Uh, the better question is, 'Is there an Opus movie going to come out?' and the answer is 'no.' And, now I can say it's all for the better. Uh, the Weinstein brothers at Miramax tried for five years to develop an Opus movie, their first animated film, and it was, let me just say, it probably wasn't destined to be, as ... as it probably shouldn't. And the problem with developing these kinds of movies and films is that inevitably they discover that a property as idiosyncratic as a comic strip doesn't translate well unless you have the confidence of bringing the creator in and factoring him into the creation of the movie. They never, never do that. Yeah, um, they just don't trust us. So without that control there probably shouldn't be an Opus movie.

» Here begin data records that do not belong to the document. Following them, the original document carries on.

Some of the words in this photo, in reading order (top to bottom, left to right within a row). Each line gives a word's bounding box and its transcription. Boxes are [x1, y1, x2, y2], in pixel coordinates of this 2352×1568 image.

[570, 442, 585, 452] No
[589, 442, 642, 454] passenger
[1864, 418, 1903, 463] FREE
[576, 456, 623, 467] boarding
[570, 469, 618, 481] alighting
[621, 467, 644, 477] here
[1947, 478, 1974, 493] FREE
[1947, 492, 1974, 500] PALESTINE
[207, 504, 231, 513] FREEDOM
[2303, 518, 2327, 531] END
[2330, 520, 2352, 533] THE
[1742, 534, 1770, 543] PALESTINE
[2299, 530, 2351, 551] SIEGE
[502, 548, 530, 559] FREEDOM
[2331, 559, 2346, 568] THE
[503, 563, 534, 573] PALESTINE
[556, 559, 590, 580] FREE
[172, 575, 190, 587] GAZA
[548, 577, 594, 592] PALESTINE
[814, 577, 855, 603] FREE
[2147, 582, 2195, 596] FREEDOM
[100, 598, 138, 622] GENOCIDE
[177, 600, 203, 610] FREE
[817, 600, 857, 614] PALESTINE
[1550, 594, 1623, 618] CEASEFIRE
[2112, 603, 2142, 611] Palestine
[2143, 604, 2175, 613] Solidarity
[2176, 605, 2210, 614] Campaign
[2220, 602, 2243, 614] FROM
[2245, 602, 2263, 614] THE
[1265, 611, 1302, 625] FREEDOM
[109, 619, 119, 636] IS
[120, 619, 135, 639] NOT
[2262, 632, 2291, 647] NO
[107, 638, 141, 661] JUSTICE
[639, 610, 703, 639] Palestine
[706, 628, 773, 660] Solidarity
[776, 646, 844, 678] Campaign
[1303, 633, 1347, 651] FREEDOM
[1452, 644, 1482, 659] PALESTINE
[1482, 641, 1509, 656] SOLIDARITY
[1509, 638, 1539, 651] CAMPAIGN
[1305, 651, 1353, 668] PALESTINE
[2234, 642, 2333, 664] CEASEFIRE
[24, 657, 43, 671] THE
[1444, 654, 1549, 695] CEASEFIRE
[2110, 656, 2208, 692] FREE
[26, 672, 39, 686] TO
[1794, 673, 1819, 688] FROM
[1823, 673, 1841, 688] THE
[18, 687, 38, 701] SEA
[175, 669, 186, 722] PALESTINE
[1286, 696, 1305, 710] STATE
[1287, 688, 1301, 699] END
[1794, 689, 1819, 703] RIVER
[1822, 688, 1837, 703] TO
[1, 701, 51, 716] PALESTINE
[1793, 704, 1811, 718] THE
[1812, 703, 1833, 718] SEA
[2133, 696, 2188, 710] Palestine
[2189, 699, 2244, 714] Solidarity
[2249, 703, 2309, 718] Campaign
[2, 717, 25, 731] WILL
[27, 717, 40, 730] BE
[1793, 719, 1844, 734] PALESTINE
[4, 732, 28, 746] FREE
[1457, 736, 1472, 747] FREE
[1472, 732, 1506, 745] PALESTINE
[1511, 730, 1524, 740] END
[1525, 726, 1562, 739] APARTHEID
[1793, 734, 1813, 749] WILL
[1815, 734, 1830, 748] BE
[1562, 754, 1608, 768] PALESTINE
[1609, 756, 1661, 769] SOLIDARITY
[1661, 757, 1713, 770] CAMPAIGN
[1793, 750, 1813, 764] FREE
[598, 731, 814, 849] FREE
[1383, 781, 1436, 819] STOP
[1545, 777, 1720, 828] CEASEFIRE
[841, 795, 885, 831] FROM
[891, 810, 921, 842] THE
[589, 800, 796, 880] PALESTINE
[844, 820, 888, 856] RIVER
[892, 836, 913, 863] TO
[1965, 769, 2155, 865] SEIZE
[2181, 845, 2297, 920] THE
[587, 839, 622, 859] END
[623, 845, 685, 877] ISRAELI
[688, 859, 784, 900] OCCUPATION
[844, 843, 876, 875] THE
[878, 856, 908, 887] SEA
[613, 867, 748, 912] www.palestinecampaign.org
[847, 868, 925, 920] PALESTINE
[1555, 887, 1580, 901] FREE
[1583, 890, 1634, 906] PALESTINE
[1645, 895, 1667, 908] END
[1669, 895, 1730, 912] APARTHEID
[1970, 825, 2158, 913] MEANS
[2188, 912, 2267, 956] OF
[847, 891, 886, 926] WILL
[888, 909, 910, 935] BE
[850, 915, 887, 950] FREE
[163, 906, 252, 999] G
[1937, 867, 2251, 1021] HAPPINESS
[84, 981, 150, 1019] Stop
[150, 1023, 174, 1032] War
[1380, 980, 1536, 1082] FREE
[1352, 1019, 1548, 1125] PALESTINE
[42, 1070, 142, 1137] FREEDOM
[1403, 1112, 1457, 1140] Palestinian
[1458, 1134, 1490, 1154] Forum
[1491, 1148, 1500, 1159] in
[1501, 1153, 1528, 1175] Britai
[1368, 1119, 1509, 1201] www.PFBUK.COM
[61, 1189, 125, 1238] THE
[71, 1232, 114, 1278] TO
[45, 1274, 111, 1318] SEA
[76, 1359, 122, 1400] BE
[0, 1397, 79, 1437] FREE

In a June 2007 interview with Salon.com, Breathed confirmed that the Miramax feature was "dead", but left the door open for an independently produced Opus film:

There'll only be a movie if I'm writing it, which will probably keep him off the big expensive screen ... probably just as well.

==Reprints==

In 2012, The Library of American Comics published the complete Opus strip in their reprint series Bloom County: The Complete Library.